A verbatim copy of the entries is the required answer.

══ DATA SHOWN ══

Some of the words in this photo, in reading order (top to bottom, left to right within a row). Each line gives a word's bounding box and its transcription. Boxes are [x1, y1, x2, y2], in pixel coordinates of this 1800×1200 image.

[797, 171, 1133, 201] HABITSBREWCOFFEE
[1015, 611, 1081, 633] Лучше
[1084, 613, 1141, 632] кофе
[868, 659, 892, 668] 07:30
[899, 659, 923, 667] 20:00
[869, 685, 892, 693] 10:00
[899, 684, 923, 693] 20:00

═══

SOLUTION TO THE EXERCISE:
Some of the words in this photo, in reading order (top to bottom, left to right within a row). Each line gives a word's bounding box and its transcription. Boxes are [x1, y1, x2, y2], in pixel coordinates of this 1800×1200 image.

[797, 171, 1133, 201] HABITSBREWCOFFEE
[1015, 611, 1081, 633] Лучше
[1084, 613, 1141, 632] кофе
[868, 659, 892, 668] 07:30
[899, 659, 923, 667] 20:00
[869, 685, 892, 693] 10:00
[899, 684, 923, 693] 20:00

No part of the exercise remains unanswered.